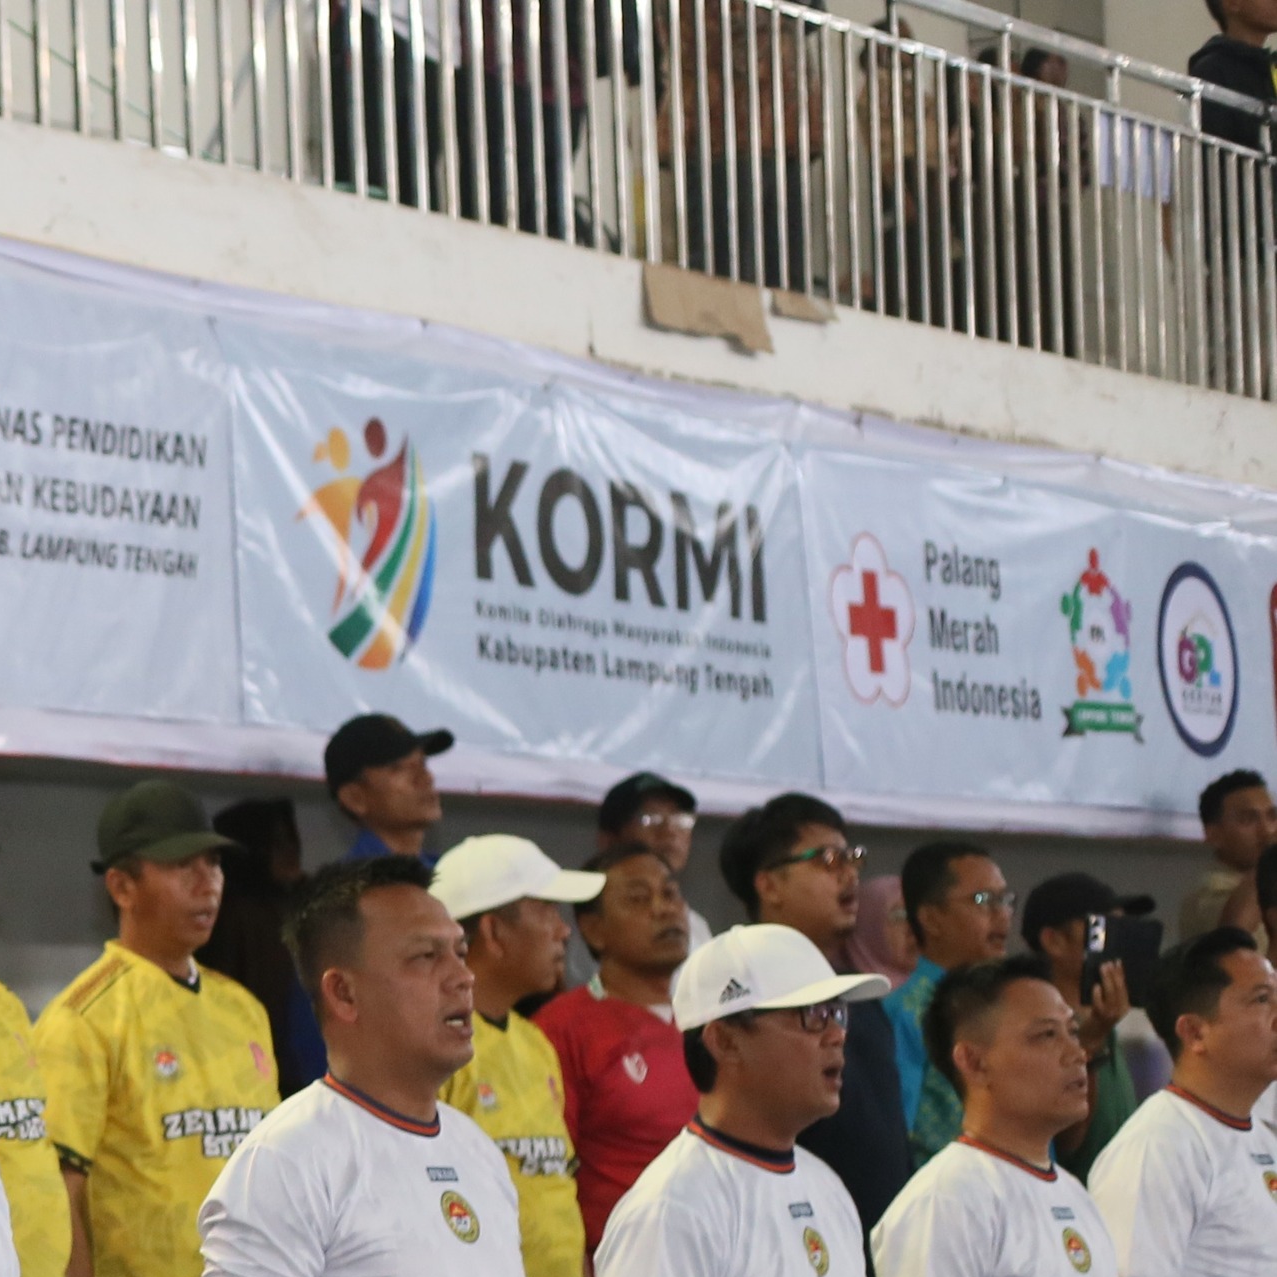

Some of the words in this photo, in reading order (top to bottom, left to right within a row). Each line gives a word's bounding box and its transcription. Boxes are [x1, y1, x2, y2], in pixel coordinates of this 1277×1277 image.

[50, 413, 207, 469] PENDIDIKAN
[31, 473, 202, 531] KEBUDAYAAN
[20, 531, 118, 571] LAMPUNG
[123, 543, 199, 580] TENGAH
[470, 448, 769, 625] KORMI
[923, 538, 1003, 602] Palang
[928, 605, 1000, 656] Merah
[475, 630, 597, 676] Kabupaten
[602, 650, 699, 695] Lampung
[704, 663, 775, 702] Tengah
[931, 666, 1043, 721] Indonesia

# # # # # # #

WHAT THE TASK REQUIRES = Return the records exactly as they stand, and drop every picture.

SOLUTION TO THE PROBLEM =
Some of the words in this photo, in reading order (top to bottom, left to right within a row). Each line gives a word's bounding box and its transcription. Boxes are [x1, y1, x2, y2], in pixel coordinates of this 1277×1277 image.

[50, 413, 207, 469] PENDIDIKAN
[31, 473, 202, 531] KEBUDAYAAN
[20, 531, 118, 571] LAMPUNG
[123, 543, 199, 580] TENGAH
[470, 448, 769, 625] KORMI
[923, 538, 1003, 602] Palang
[928, 605, 1000, 656] Merah
[475, 630, 597, 676] Kabupaten
[602, 650, 699, 695] Lampung
[704, 663, 775, 702] Tengah
[931, 666, 1043, 721] Indonesia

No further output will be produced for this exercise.